The School Board has been resistant for years to new charter schools, often rejecting more than a dozen applications a year because they say the charters don’t offer creative alternatives to existing schools, as required by state rules. The board joined six other Florida school districts last year in suing the state over a law requiring school districts to share property tax revenue with charters.
Charter school parents say their schools deserve part of the tax windfall if voters approve it.
“We pay the same taxes as everyone else,” said Jenny Vargas, whose daughter is an 8th grader at Renaissance Charter School, a K-8 campus in West Palm Beach. “The funds should walk with each child to their school.”
But another question hangs over this debate: Whether it’s legal to deny charter schools an equal share of the funding. It might not be.

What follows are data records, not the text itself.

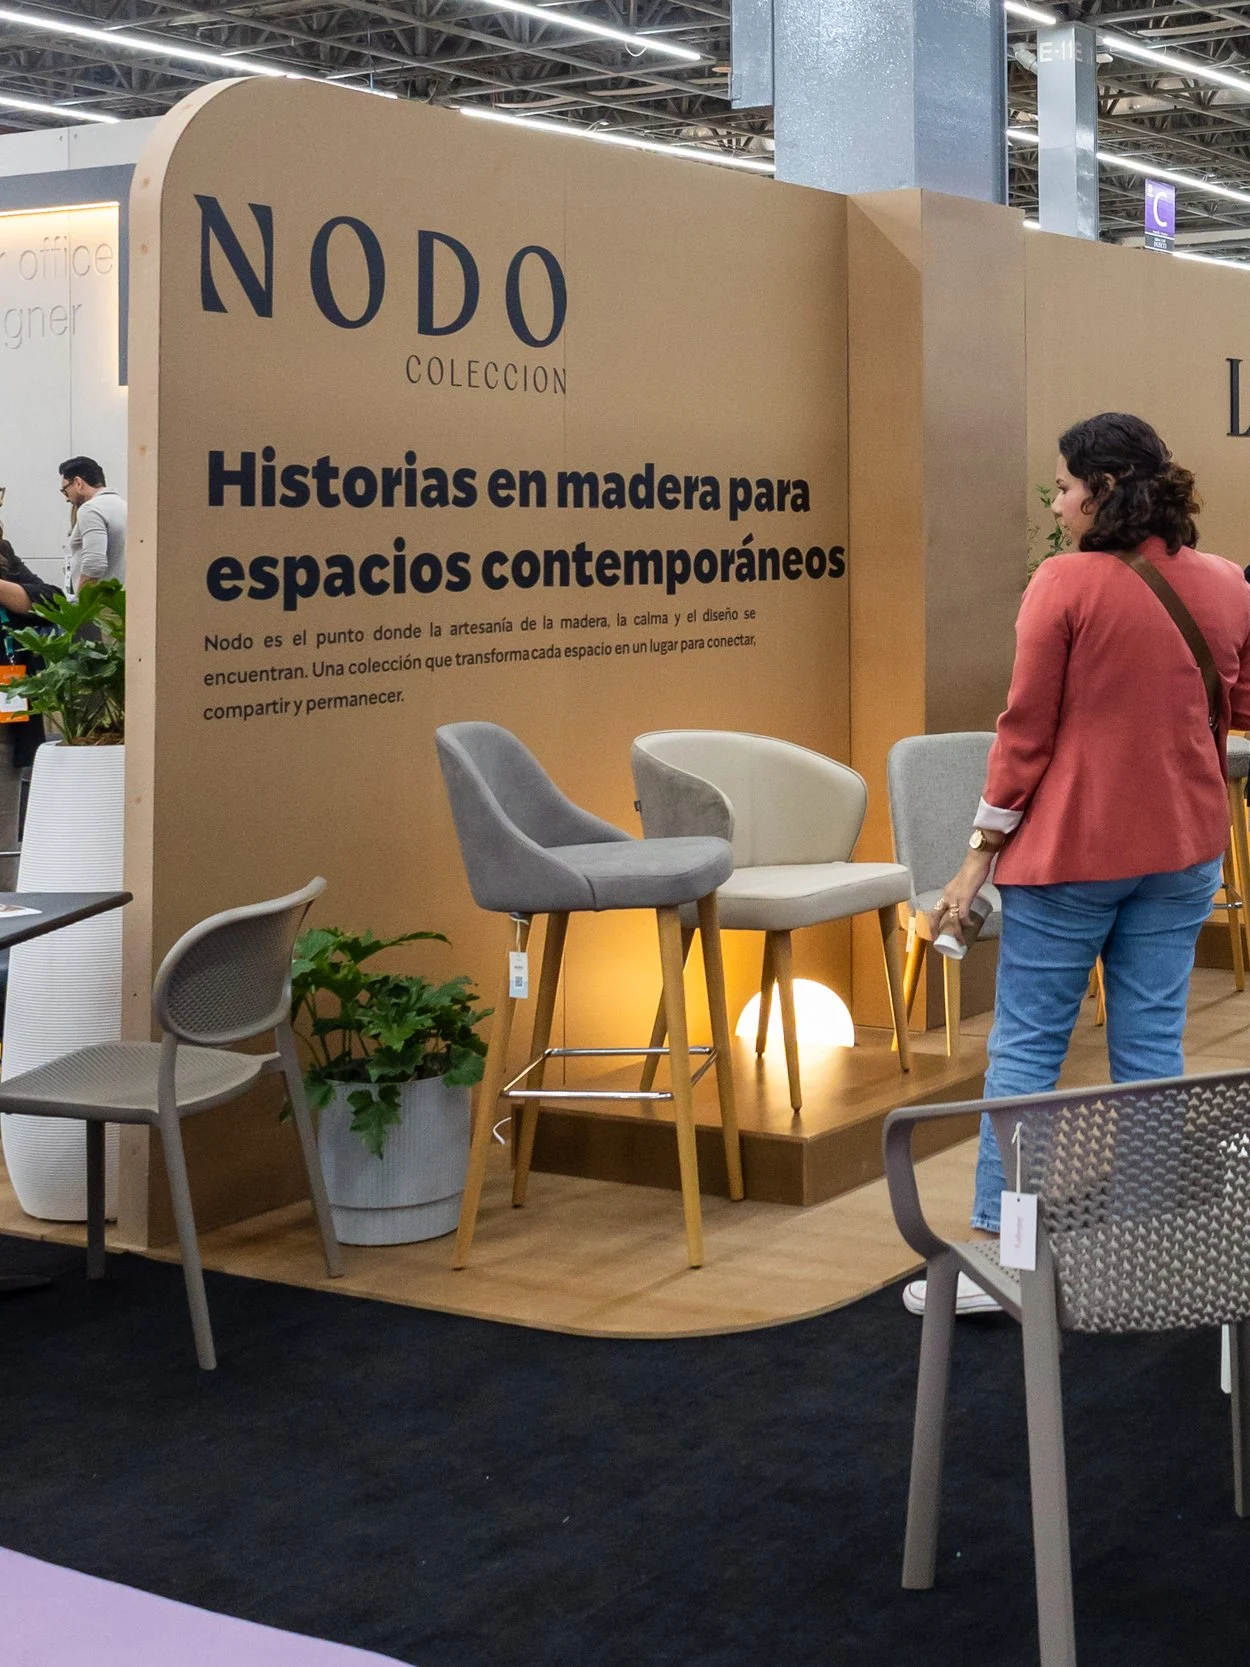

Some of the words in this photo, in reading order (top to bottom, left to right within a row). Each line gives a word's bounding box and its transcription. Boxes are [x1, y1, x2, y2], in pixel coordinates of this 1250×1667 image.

[1153, 191, 1168, 228] C
[19, 236, 114, 281] office
[193, 193, 568, 349] NODO
[405, 354, 568, 396] COLECCION
[208, 445, 478, 508] Historias
[487, 467, 547, 508] en
[557, 462, 721, 511] madera
[729, 476, 811, 521] para
[206, 536, 472, 611] espacios
[481, 532, 846, 595] contemporáneos
[204, 633, 254, 651] Nodo
[263, 635, 283, 648] es
[292, 630, 307, 647] el
[316, 628, 364, 649] punto
[373, 623, 422, 641] donde
[429, 622, 442, 638] la
[450, 616, 513, 636] artesanía
[520, 616, 537, 632] de
[543, 615, 553, 630] la
[560, 614, 611, 630] madera,
[617, 612, 627, 627] la
[633, 611, 669, 627] calma
[674, 612, 681, 627] y
[686, 609, 697, 624] el
[702, 607, 739, 623] diseño
[743, 608, 756, 620] se
[204, 665, 308, 687] encuentran.
[312, 661, 344, 678] Una
[348, 653, 422, 675] colección
[425, 655, 452, 672] que
[455, 646, 530, 667] transforma
[531, 644, 562, 660] cada
[564, 641, 613, 661] espacio
[615, 642, 630, 655] en
[632, 641, 648, 654] un
[650, 638, 679, 656] lugar
[680, 638, 705, 653] para
[707, 633, 756, 650] conectar,
[203, 696, 290, 722] compartir
[293, 699, 301, 717] y
[306, 690, 405, 713] permanecer.
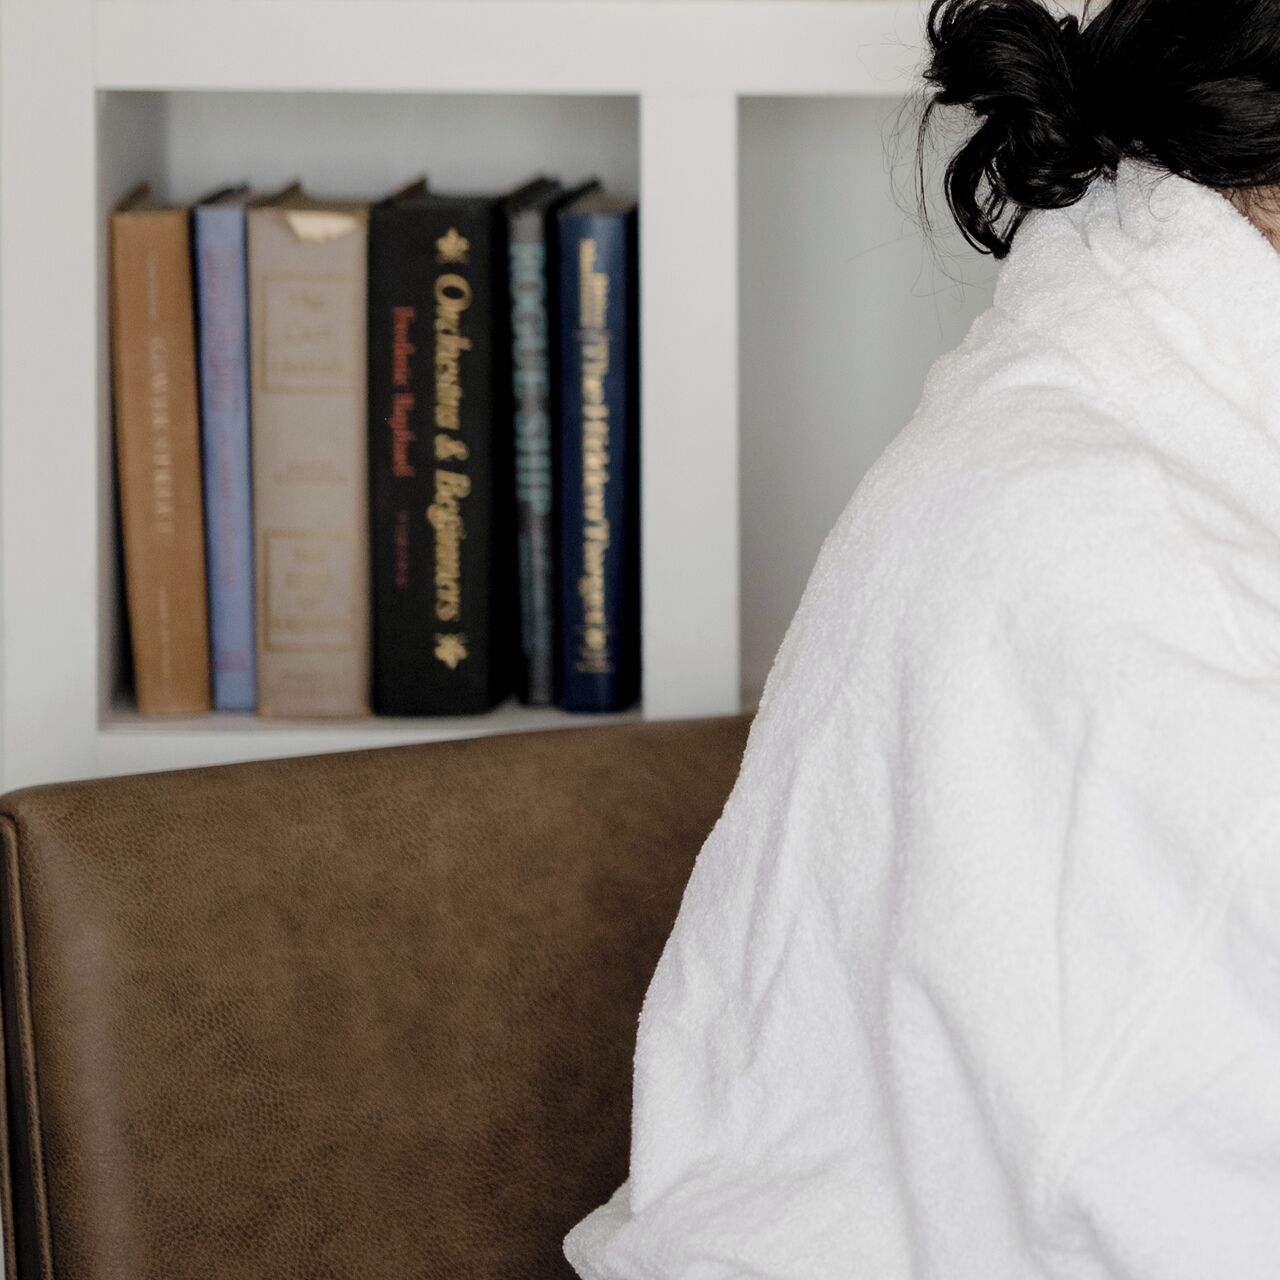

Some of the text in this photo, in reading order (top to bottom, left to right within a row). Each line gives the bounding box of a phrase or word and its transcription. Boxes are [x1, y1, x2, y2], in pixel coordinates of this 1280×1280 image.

[426, 272, 471, 621] Orchestra & Beginners
[516, 408, 551, 515] SHIP

Last year, a judge ruled that Florida statutes require charter schools to receive an equal per-student share of any revenue districts raise through optional property taxes. The ruling was a boon for charter schools in Indian River County. But the school board there didn’t appeal the ruling, which means it’s not a binding precedent in Palm Beach County — much less Alachua County, or other school districts where citizens voted to tax themselves beyond the state’s basic funding requirements to pay for public-school operations, but don’t share the revenue equally with charter schools.
This could be a lawsuit waiting to happen, not just in Palm Beach, but elsewhere in the state.